[About this exercise]
Output every line below exactly.

[Information provided]

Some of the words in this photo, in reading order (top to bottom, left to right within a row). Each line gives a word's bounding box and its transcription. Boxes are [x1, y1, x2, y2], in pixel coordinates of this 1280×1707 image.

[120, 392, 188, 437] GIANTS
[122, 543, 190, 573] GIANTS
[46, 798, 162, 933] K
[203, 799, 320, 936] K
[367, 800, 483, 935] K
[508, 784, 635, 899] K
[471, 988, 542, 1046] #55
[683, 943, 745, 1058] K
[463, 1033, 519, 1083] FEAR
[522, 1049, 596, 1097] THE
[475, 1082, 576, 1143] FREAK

[Result]
Some of the words in this photo, in reading order (top to bottom, left to right within a row). Each line gives a word's bounding box and its transcription. Boxes are [x1, y1, x2, y2], in pixel coordinates of this 1280×1707 image.

[120, 392, 188, 437] GIANTS
[122, 543, 190, 573] GIANTS
[46, 798, 162, 933] K
[203, 799, 320, 936] K
[367, 800, 483, 935] K
[508, 784, 635, 899] K
[471, 988, 542, 1046] #55
[683, 943, 745, 1058] K
[463, 1033, 519, 1083] FEAR
[522, 1049, 596, 1097] THE
[475, 1082, 576, 1143] FREAK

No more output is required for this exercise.